### Data extract

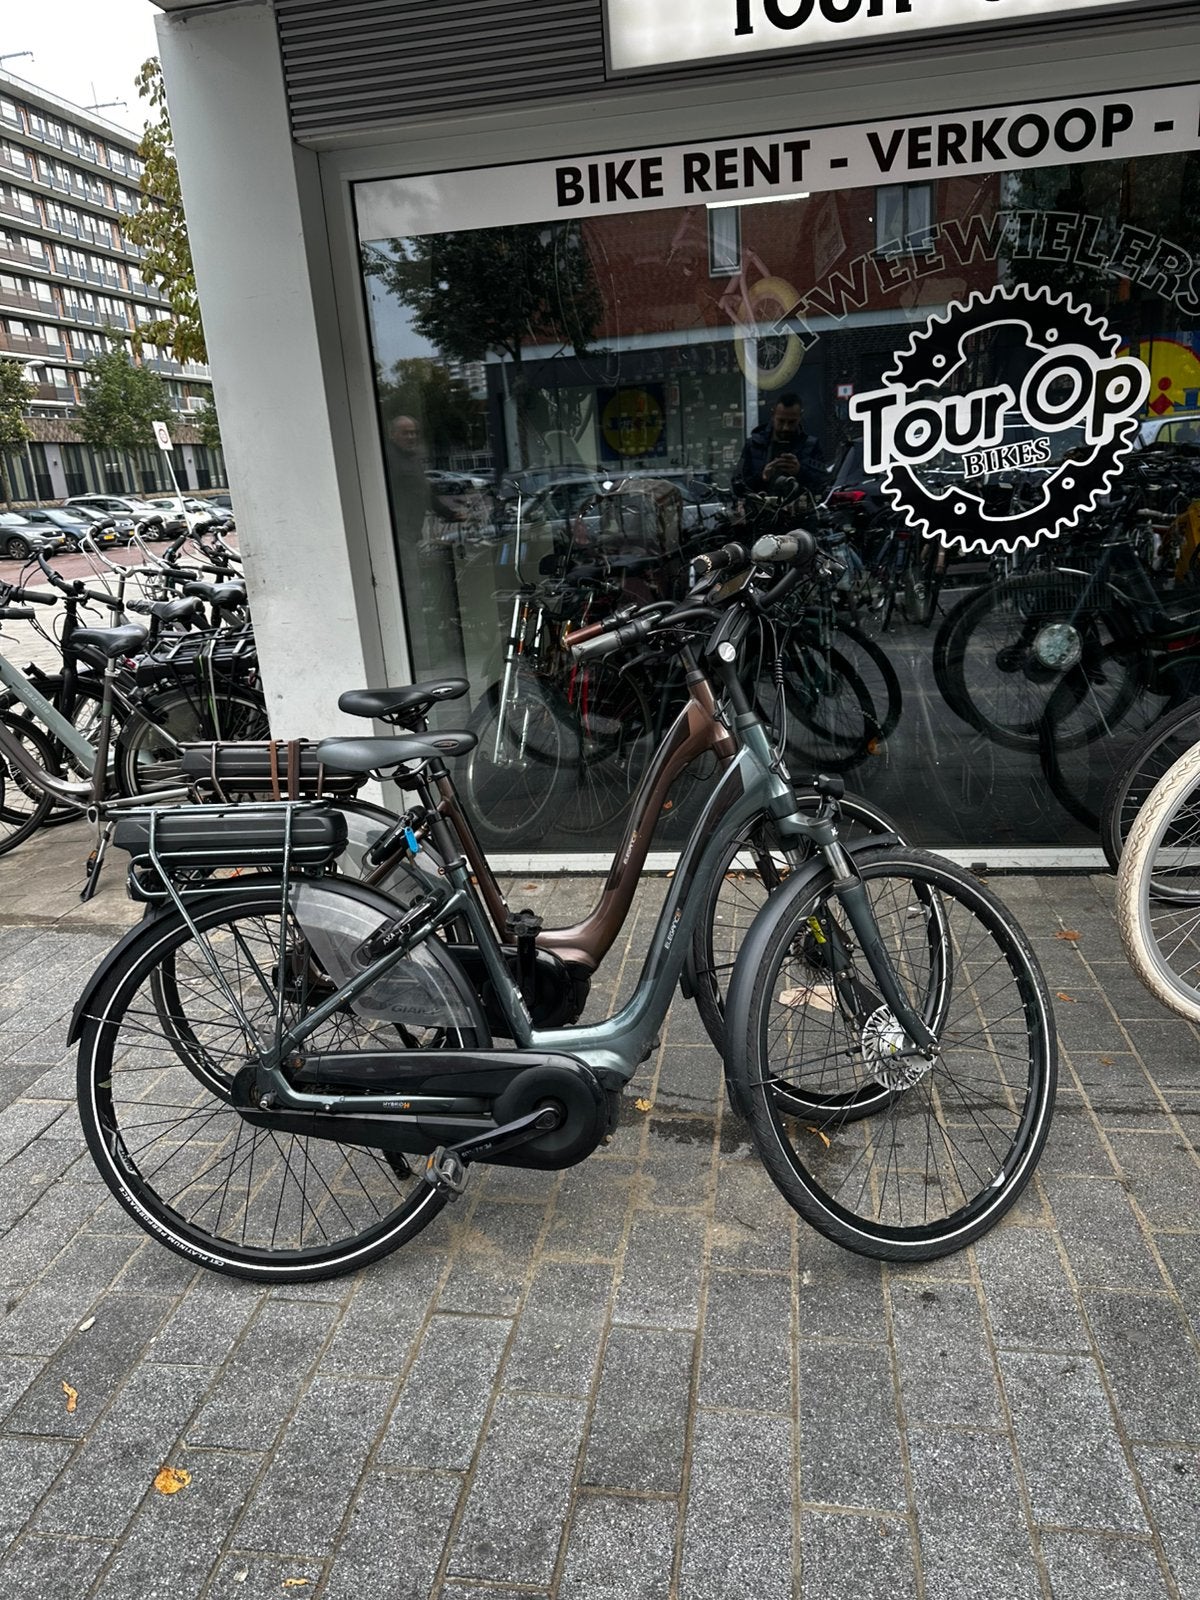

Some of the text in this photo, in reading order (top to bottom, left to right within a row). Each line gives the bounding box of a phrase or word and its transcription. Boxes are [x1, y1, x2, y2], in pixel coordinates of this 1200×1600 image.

[556, 157, 663, 207] BIKE
[683, 140, 811, 194] RENT
[866, 103, 1134, 173] VERKOOP
[772, 209, 1200, 351] TWEEWIELERS
[850, 384, 1015, 473] Tour
[1021, 344, 1150, 445] Op
[963, 437, 1051, 479] BIKES
[383, 932, 396, 945] AXA
[119, 1187, 168, 1237] PERFORMANCE
[167, 1235, 208, 1261] PLATINUM
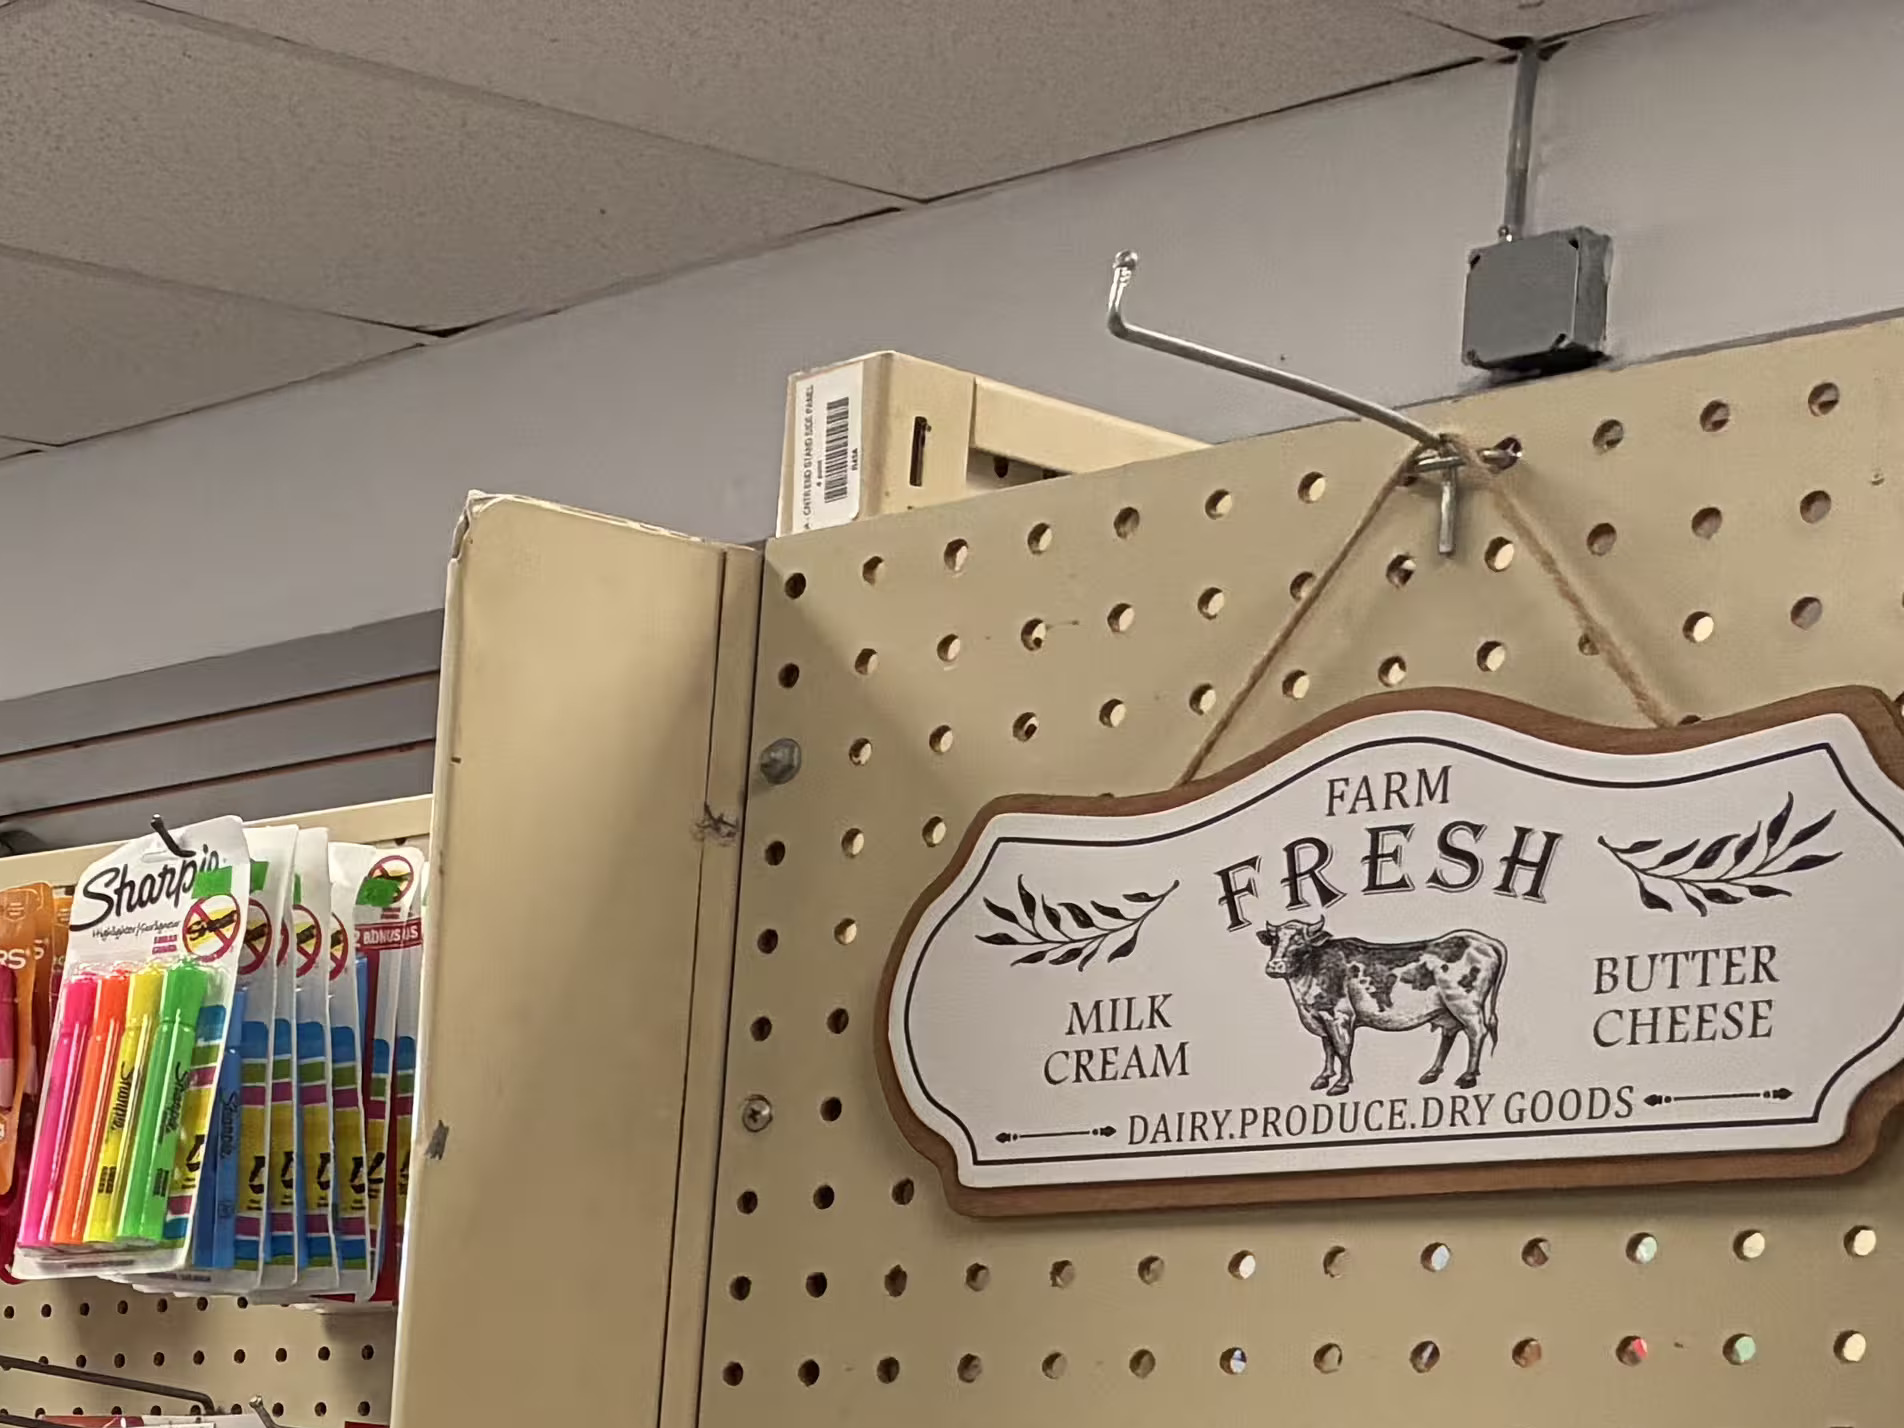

### Problem statement
Omit every picture, then repeat the remaining data exactly as it appears above.

### Problem solution
Some of the text in this photo, in reading order (top to bottom, left to right within a row). Each line gives the bounding box of a phrase or word and its transcription. Boxes are [x1, y1, x2, y2], in pixel coordinates of this 1200×1600 image.

[556, 157, 663, 207] BIKE
[683, 140, 811, 194] RENT
[866, 103, 1134, 173] VERKOOP
[772, 209, 1200, 351] TWEEWIELERS
[850, 384, 1015, 473] Tour
[1021, 344, 1150, 445] Op
[963, 437, 1051, 479] BIKES
[383, 932, 396, 945] AXA
[119, 1187, 168, 1237] PERFORMANCE
[167, 1235, 208, 1261] PLATINUM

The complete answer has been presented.